Cancer cells derive energy from –
Correct Answer: Glycolysis
Description: Cancer cells are dependent on aerobic glycolysis for continued growth.
Fast growing, poorly-differentiated cancer cells characteristically show high aerobic glycolysis.
A Serine/threonine kinase Akt stimulate glycolysis in malignant cells.
Activation of Akt oncogene is sufficient to stimulate the switch to aerobic glycolysis characteristic of cancer cells and Akt activity renders cancer cells dependent on aerobic glycolysis for continued growth and survival.

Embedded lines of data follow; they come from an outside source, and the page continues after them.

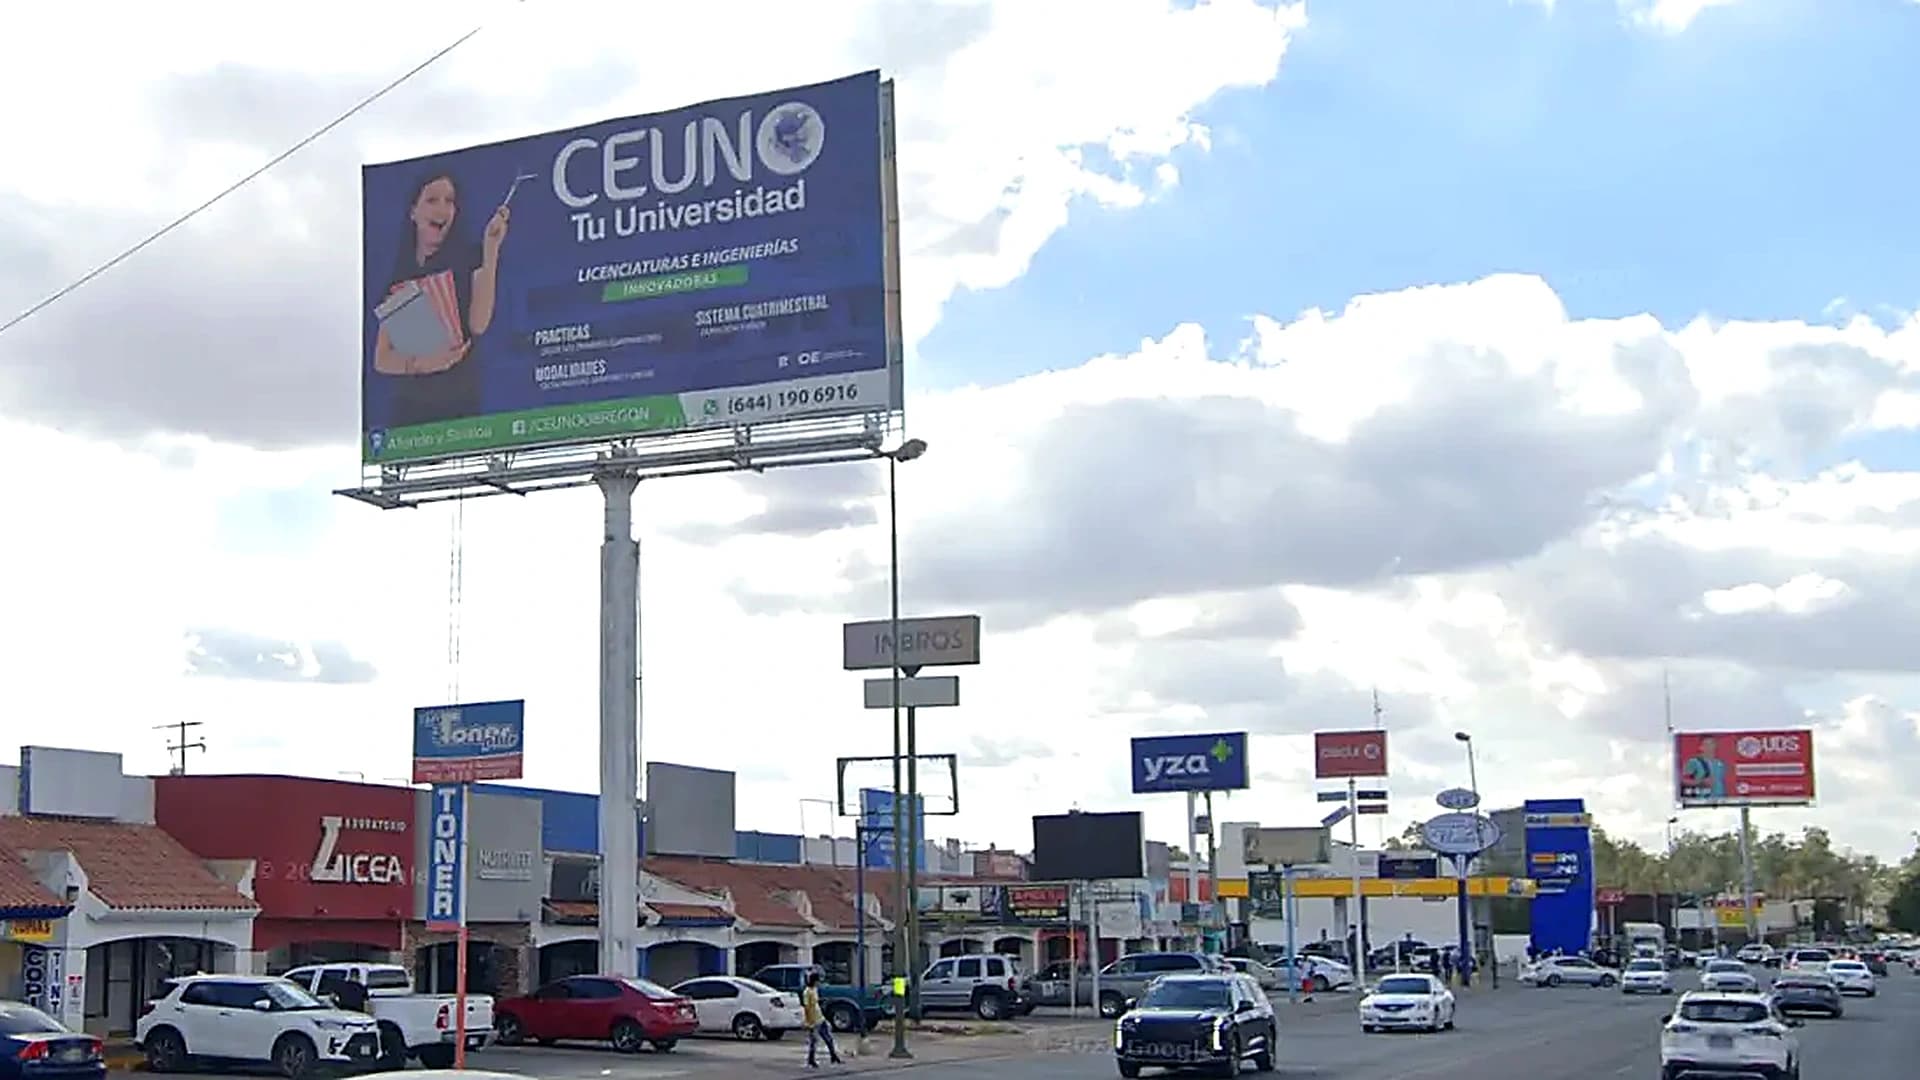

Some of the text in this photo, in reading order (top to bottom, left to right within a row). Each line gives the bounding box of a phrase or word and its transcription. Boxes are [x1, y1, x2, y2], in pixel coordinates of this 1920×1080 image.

[553, 102, 825, 207] CEUNO
[571, 179, 806, 242] Tu Universidad
[578, 237, 800, 283] LICENCIATURAS E INGENIERÍAS
[695, 306, 740, 326] SISTEMA
[728, 383, 858, 415] (644) 190 6916
[1143, 752, 1212, 782] yza
[311, 815, 405, 883] LICEA
[433, 787, 458, 917] TONER

Following information have been added in 8th /e of Robbins
Even in the presence of ample oxygen, cancer cells shift their glucose metabolism away from the oxygen hungry, but efficient, mitochondria to glycolysis.
This phenomenon called the Warburg effect and also known as aerobic glycolysis.
This metabolic alteration is so common to tumors that some would call it the eighth hallmark of cancer:
Clinically, the "glucose-hunger" of tumors is used to visualize tumors via positron emission tomography (PET) scanning, in which patients are injected with 18F-Fluorodeoxyglucose, a non-metabolizing derivative of glucose that is preferentially taken up into tumor cells (as well as normal actively dividing tissues such as bone marrow).